Clubs such as Real Madrid, do not only look at players who can do the business in the field of play, but in paying huge amounts, they also consider how much they can earn in merchandise sales related to the particular player.

Shirt sales, image rights, merchandise opportunities are also factored into the deal. We have also seen the presence of sponsorship in the brand names on players’ uniforms, the ever-changing banners in the background, not to mention the advertising spots during, before and after the game. There are so many opportunities that sponsors would want to partner with clubs.

We have, however, not seen this in our local sport. What has been lacking to some extent has been statistics in terms of the numbers that are involved in sports, from player statistics to fans statistics.

This is not about throwing figures out there like when they say Dynamos has 7 million supporters, but actually coming up with real and verified numbers.  It’s not about reading in the back pages of newspapers that such and such a player is in excellent form, but actually coming up with statistics that show what sort of an impact the player is having in the field of play.

In the EPL, they can tell how many interceptions a player would have made in a game and these statistics are then used to seek sponsorship or endorsements.

Companies that offer security services might want to engage that player as their brand ambassador. Corporates partner sport teams because of certain traits exhibited by the team, but such traits have to be gathered scientifically and not just perceived.

Strategies that involve the participation of fans have also been used successfully. The Carling Black Label Cup, in South Africa, is one good example where the corporate world partners with football teams Kaizer Chiefs and Orlando Pirates  in marketing their products and the game of football.

Deloitte has also been doing some work on how data can help drive sports sponsorship and fan engagement. Here we will share some ideas from Deloitte that demonstrate the link between ticket and sponsorship revenue.

The ideas are meant to drive live game engagement and attendance and enhancing sponsor opportunities.

One of the ideas shared by Deloitte is where sports teams could tie in concession promotions by having one stadium bay face off against another in a hot-dog-eating contest based on the number of hot-dogs purchased by fans sitting in that particular bay, with the winners receiving certain prices.

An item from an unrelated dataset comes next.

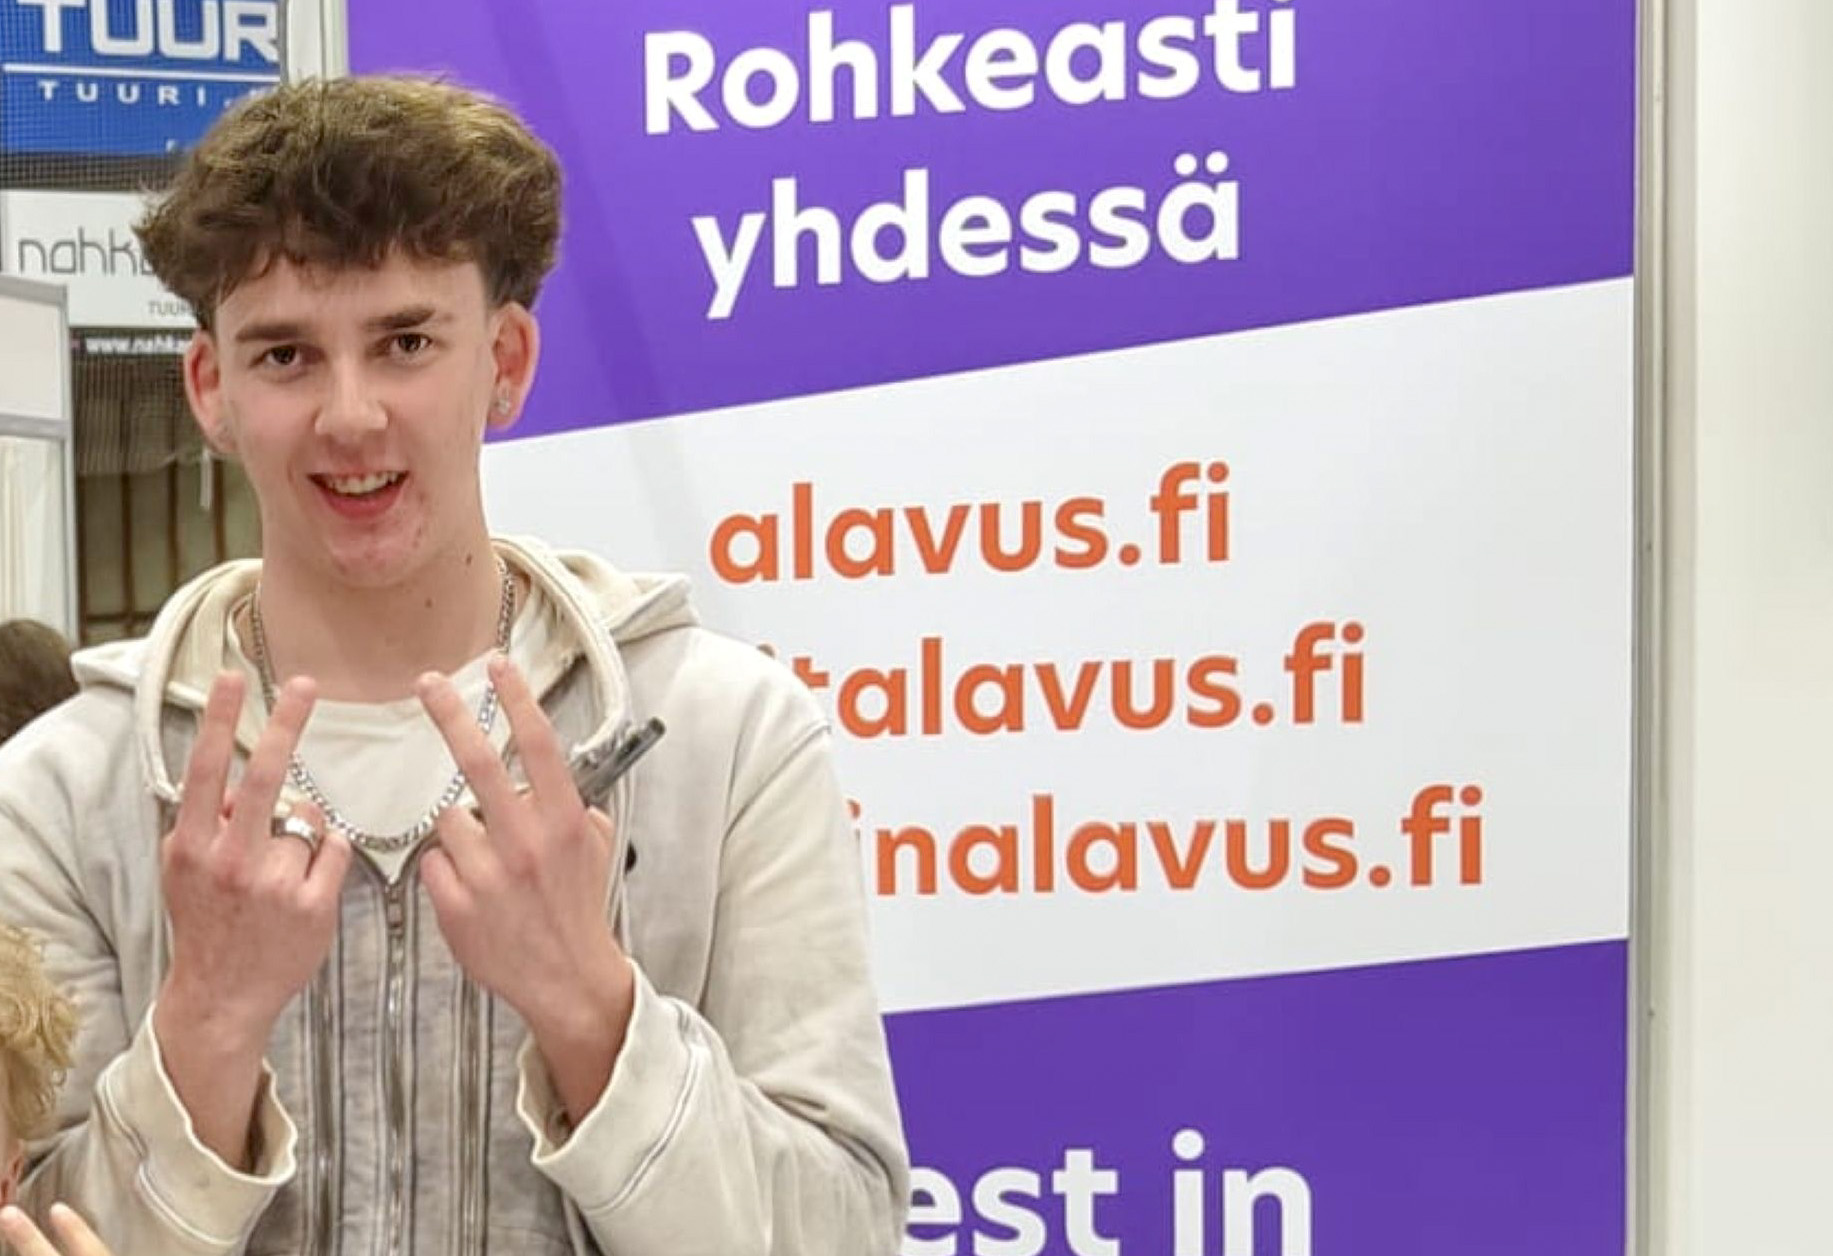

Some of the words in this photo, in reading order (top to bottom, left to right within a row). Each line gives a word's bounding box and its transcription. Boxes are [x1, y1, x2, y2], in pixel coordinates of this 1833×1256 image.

[644, 0, 1295, 134] Rohkeasti
[692, 152, 1239, 319] yhdessä
[709, 462, 1229, 584] alavus.fi

In-game features that engage specific fans or fan groups could create a more engaging experience for the fans involved and deliver greater entertainment value to those in attendance.Sport sponsorship no longer means simply attaching a corporate name to a stadium. Rather, it has become a triangle of association between the team, the sponsor, and the passionate fan.

Access to richer data will enable more focused sponsor targeting and authentic engagement that will spill outside of the stadium and in the process generate income for the club and its players.

The growth in sports economics is likely to continue, as the data gets better and teams compete for a strategic edge. The sooner local clubs realise that sports is now more than a game, the better.